Australian law enforcement and government agencies have ramped up their requests to Google for user information since Google began disclosing the number requests it receives in 2009 by a factor of five.
In the latest transparency report statistics released by the internet giant overnight, the number of times Australian government agencies that requested user information for criminal investigations was up to 780 requests relating to 944 accounts for the six months ending December 31, 2013.
This is up from 645 requests for 807 accounts in the previous six-month period.
Google handed over some information from those requests in the last six months of 2013 around 70 percent of the time, the company said.
Accessing information from Google is increasingly becoming a tool used by law enforcement agencies in Australia, with the number of requests over the past four years increasing fivefold from 155 requests in the six months to December 31 2009, up to 780 in the last six months of 2013.
The figure puts Australia well above the average for the increase in government requests. Broadly, Google reported today that there had been a 120 percent increase in requests to Google from governments across the globe since 2009.
Google's legal director for law enforcement and information security, Richard Salgado, said in a blog post that while the rise in the number of Google users in that time period could explain some of the rise in requests, it was undeniable that governments were increasingly exercising their authority to make requests to Google for user information. He said Google continues to fight against governments demanding broad personal information.

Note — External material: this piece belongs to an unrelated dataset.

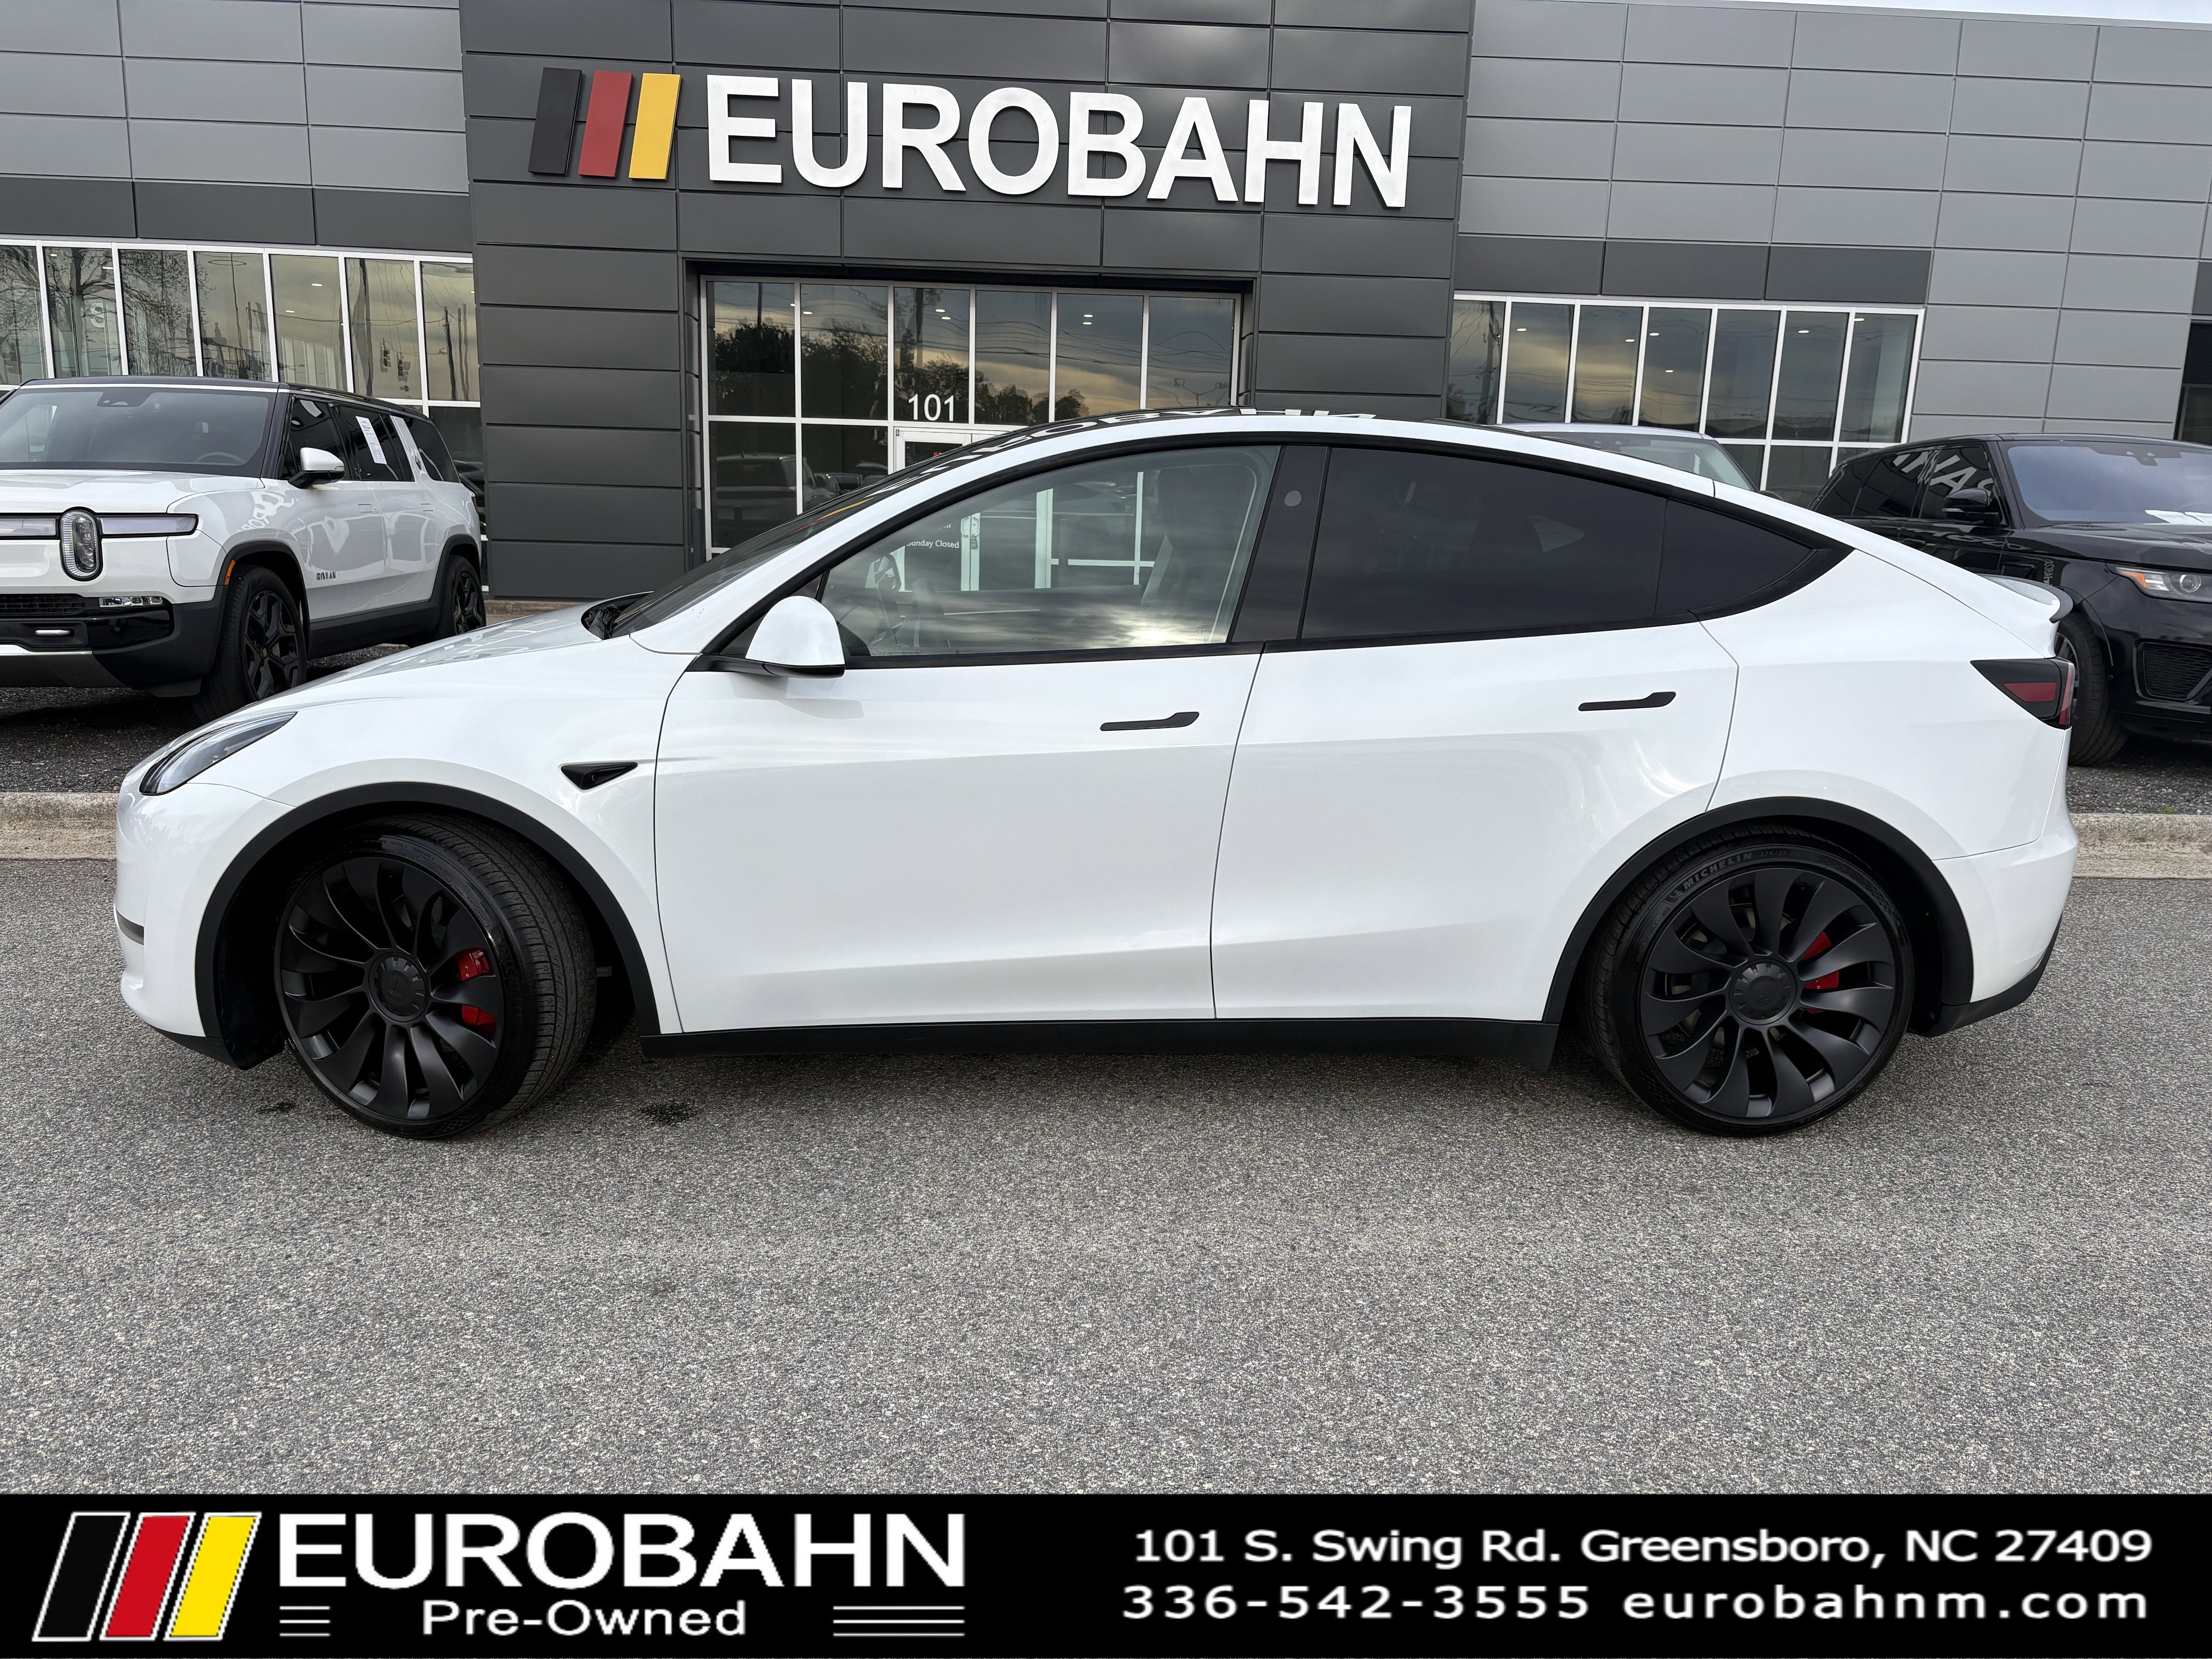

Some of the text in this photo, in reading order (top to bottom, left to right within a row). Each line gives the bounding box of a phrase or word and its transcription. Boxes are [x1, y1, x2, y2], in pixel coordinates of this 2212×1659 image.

[707, 73, 1412, 209] EUROBAHN
[908, 393, 954, 422] 101
[935, 540, 960, 548] Closed
[1683, 852, 1752, 890] MICHELIN

"We consistently push back against overly broad requests for your personal information, but it's also important for laws to explicitly protect you from government overreach. That's why we’re working alongside eight other companies to push for surveillance reform, including more transparency."
It comes as the parliament is reviewing the access Australian government agencies have to telecommunications customer data. Law enforcement agencies and the Attorney-General's Department have argued that telecommunications companies should be required to keep customer information for up to two years, with some even arguing for browsing history to be retained for criminal investigations.
Privacy advocates and ISPs have, however, argued that such a regime would be a breach of personal privacy, and would potentially put ISPs in breach of the new Australian Privacy Principles in the Privacy Act.